En esos momentos no importaba quedarse endeudado o vender el auto o hasta la
casa, lo único que importaba era acompañar a la bicolor para llegar a tocar la
gloria en aquel lejano y gélido país.
Durante
el torneo celebrado en Rusia, la blanquirroja no pudo clasificar a la segunda
etapa, quizá la poca experiencia y roce internacional de varios de sus
jugadores le restaron a la hora de concretar en las instancias definitivas de
los primeros dos partidos, en especial el partido contra Dinamarca, donde a
partir de aquel penal errado por Christian Cueva, los dirigidos por Ricardo
Gareca no consiguieron sobreponerse, denotando de esta manera una ausencia de
jerarquía futbolística y fortaleza mental para manejar dicha situación. Lo que
vino después con el triunfo sobre una indudablemente inferior Australia, es
solo un tema anecdótico.
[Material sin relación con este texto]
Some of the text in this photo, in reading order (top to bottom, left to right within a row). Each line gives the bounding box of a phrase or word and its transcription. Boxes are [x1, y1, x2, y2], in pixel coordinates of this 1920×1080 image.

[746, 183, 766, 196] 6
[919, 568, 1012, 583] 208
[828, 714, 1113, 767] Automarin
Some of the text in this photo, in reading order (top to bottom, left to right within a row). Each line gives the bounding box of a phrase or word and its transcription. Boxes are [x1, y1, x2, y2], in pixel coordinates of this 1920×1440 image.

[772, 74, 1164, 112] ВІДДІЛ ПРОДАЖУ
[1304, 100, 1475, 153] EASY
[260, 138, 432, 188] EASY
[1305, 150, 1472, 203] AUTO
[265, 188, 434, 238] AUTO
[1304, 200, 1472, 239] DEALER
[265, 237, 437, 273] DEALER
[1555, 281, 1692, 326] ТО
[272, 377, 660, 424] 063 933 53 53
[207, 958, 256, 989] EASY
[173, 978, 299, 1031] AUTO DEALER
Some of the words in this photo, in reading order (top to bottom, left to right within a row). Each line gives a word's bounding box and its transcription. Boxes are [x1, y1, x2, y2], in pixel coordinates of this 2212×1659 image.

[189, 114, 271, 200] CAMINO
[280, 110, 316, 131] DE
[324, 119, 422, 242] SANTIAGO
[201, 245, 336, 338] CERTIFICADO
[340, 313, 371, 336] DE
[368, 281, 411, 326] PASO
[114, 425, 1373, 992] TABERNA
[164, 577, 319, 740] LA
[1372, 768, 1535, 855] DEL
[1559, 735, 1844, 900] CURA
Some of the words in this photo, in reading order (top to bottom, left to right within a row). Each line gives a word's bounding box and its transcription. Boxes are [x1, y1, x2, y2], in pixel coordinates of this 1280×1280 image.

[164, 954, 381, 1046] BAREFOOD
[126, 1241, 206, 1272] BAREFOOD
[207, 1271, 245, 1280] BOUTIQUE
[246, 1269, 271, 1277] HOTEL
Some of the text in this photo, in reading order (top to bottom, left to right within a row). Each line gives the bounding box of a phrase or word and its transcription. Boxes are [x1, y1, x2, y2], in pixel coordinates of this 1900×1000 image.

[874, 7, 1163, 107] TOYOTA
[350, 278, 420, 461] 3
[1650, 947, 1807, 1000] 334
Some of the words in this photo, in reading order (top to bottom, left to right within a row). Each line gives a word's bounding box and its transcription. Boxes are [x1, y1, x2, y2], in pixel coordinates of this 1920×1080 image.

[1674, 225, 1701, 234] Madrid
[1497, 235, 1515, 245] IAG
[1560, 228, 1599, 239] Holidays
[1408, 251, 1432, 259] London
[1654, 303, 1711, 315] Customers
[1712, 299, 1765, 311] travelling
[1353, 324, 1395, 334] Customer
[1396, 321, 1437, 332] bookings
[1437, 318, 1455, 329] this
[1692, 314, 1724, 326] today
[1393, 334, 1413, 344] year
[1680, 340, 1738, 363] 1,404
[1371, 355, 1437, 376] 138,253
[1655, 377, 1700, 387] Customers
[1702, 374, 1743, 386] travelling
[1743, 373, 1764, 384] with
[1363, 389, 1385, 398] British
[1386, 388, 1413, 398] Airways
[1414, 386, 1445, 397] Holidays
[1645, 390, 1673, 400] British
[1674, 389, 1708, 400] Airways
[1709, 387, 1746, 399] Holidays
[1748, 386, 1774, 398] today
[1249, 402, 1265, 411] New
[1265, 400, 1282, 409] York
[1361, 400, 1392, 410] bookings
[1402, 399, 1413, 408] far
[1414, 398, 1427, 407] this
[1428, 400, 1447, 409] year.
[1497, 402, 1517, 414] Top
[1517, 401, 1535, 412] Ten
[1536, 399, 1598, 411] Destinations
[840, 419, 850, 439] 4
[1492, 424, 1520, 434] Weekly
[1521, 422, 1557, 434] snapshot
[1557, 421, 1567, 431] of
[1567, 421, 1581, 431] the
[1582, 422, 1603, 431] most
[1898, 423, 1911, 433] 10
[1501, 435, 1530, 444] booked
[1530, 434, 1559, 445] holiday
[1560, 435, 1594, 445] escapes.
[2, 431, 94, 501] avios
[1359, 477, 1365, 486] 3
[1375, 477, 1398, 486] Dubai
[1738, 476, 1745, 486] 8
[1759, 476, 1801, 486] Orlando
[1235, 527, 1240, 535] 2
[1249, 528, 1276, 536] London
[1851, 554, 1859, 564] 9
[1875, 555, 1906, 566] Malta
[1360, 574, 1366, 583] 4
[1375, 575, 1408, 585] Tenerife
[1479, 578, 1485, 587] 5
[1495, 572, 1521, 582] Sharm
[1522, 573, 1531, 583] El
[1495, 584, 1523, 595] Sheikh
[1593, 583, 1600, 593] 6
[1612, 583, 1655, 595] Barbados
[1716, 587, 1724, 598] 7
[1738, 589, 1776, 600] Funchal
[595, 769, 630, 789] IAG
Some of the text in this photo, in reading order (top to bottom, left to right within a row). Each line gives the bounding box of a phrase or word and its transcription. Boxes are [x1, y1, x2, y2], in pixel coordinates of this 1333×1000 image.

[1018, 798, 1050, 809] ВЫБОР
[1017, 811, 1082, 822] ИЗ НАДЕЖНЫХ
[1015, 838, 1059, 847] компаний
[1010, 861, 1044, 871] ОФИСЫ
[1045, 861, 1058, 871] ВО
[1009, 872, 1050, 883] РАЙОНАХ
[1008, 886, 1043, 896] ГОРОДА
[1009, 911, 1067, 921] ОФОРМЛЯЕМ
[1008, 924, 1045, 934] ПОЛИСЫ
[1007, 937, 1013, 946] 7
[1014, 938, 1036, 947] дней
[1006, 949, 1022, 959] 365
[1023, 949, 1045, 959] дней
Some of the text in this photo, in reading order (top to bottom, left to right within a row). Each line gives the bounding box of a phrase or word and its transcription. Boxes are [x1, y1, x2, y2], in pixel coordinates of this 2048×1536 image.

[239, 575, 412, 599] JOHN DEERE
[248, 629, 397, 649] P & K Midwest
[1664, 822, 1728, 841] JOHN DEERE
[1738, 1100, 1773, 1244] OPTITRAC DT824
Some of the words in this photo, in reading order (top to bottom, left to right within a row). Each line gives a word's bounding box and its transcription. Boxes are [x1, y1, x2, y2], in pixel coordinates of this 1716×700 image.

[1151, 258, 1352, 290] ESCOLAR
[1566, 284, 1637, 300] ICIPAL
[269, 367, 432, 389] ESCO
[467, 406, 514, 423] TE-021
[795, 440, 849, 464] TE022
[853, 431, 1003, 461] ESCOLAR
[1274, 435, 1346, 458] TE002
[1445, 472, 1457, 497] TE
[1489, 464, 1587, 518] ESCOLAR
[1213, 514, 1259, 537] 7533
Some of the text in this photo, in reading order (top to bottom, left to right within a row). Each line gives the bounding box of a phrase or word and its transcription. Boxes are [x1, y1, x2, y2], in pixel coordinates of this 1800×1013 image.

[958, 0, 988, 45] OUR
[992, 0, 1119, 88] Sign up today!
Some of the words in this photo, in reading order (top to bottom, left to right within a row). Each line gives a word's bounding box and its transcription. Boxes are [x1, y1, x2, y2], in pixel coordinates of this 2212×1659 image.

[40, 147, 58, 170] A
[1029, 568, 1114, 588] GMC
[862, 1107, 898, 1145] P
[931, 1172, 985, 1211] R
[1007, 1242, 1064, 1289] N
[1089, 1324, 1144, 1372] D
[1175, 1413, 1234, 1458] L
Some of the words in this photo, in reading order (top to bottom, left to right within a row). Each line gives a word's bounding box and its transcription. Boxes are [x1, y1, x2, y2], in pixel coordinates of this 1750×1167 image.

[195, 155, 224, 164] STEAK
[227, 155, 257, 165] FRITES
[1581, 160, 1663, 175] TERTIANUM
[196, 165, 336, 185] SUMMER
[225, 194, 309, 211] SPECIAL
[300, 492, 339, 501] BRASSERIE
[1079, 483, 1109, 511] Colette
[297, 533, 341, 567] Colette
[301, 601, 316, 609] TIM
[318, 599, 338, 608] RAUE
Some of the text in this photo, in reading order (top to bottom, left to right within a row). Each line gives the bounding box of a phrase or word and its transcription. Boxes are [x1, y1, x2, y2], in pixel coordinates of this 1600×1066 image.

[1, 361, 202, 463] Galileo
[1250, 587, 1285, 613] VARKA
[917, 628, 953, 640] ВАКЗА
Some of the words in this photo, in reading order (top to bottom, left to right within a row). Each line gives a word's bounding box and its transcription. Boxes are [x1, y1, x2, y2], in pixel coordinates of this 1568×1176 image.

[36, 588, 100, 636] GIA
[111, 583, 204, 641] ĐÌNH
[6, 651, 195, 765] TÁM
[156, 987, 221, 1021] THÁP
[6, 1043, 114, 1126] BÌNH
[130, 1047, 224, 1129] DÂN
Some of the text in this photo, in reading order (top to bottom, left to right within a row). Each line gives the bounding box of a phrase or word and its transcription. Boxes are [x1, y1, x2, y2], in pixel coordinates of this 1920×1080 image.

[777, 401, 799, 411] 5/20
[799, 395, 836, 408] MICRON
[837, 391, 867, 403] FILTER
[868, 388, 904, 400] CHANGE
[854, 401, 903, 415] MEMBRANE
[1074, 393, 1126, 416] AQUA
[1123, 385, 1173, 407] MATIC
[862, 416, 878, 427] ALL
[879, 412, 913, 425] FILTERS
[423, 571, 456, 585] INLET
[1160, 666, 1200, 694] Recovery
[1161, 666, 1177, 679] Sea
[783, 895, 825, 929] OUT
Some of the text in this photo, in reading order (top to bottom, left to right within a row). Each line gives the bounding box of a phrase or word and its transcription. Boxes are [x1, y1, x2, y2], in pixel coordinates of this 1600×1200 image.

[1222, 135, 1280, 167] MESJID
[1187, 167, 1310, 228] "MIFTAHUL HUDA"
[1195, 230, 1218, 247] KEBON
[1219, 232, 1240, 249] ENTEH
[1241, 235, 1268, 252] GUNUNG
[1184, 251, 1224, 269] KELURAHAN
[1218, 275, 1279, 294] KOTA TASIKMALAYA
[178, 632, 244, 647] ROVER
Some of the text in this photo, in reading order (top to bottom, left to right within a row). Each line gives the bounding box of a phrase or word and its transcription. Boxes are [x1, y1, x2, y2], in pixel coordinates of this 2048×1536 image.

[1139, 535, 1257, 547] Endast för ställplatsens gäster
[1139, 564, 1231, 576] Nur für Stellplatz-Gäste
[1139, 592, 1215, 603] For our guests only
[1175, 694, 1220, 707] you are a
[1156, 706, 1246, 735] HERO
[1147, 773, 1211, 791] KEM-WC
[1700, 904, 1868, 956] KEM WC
La verdad es que a Perú le faltó nivel e inteligencia
emocional y su técnico debió dar cuenta de ello.
Luego
de nuestra aventura en la copa del mundo, llegaron los partidos amistosos
contra Holanda y Alemania, dos equipos en franco recambio generacional. El
primero, con un conjunto de figuras que no pudieron llegar a la cita
mundialista y el segundo, una desdibujada selección teutona que decepcionó en
el mundial al no ser capaz de clasificar a octavos de final siendo despedida
nada menos que por una ya eliminada Corea del Sur. Se suponía que ambos cotejos
servirían para regresarle la confianza a los seleccionados peruanos de cara al
futuro y para demostrarle al mundo que la baja performance en el mundial fue
solo una mala experiencia de una selección que iba en pleno crecimiento. Saldo
final, dos derrotas y un equipo que había perdido funcionamiento.
Posteriormente,
llegaron otros amistosos. Un triunfo por 3 a 0 ante Chile, selección que ya no
era la misma que campeonó en las dos Copas América anteriores en las cuales
gozaron de su mejor generación de futbolistas de todo su historia. Poco
después, un tibio empate frente al combinado estadounidense y las duras
derrotas ante Costa Rica y Ecuador en Arequipa y Lima respectivamente, fueron
señales inequívocas de que la selección peruana estaba entrando en un proceso
de debacle anímico y futbolístico. Ya en este 2019, un aburrido y algo
preocupante triunfo ante Paraguay, sumado a una inexplicable y surrealista
derrota frente a El Salvador por 2 a 0 en un partido en el cual los
centroamericanos llegaron solo en una ocasión al arco peruano, viéndose
beneficiados con un desafortunado autogol de Miguel Trauco, fueron la seria
confirmación de que el equipo no iba bien.
Ahora
bien, el último partido contra Costa Rica disputado en el estadio monumental de
Ate no fue más que un ensayo de lo que Gareca quiere proponer en la siguiente
Copa América de Brasil, y francamente se mostró muy poco. Un gélido triunfo por
1 a 0 no hacía más que reconfirmar lo ya visto en partidos anteriores. Una
llamativa debilidad en defensa que se ha ido incrementando desde la salida de
Alberto Rodríguez en la zaga central y muchas malas decisiones en nuestro par
de laterales titulares que crean más dudas que seguridades. Un enorme falta de
ritmo en el juego en la media cancha, sin asociaciones ni dinámica alguna. Y
finalmente, un escaso poderío ofensivo que nos impide anotar más de un gol en
cada partido. El último partido ante el seleccionado colombiano nos hizo chocar
contra nuestra dramática realidad, un 3 a 0 que duele en el orgullo y rompe
cualquier ilusión de ver a la selección peruana pasando a instancias finales
del torneo sudamericano.
No
quisiera ser tan pesimista pero dado el contexto y las varias pruebas que ha
tenido nuestro combinado nacional, tal parece que si el entrenador no vuelve a
reanimar a sus dirigidos y lograr sacar de nuevo lo mejor de cada uno de ellos,
esta selección estará condenada a quedar eliminada en fase de grupos teniendo
en cuenta que rivalizará contra la anfitriona Brasil, la cada vez más
sorprendente Venezuela y Bolivia, rival que siempre nos hace buenos partidos en
cualquier competencia; por lo cual, no será un camino nada fácil. Esperemos que
salgan a flote las capacidades de cada uno de los seleccionados peruanos y que
los jugadores tomen en cuenta que no solo se estarán jugando sus nombres de
forma individual sino que por delante de eso está el nombre y los colores de su
nación, que recuerden que ahora son ex-mundialistas y que lo que viene debe ser
para bien y no un triste endgame.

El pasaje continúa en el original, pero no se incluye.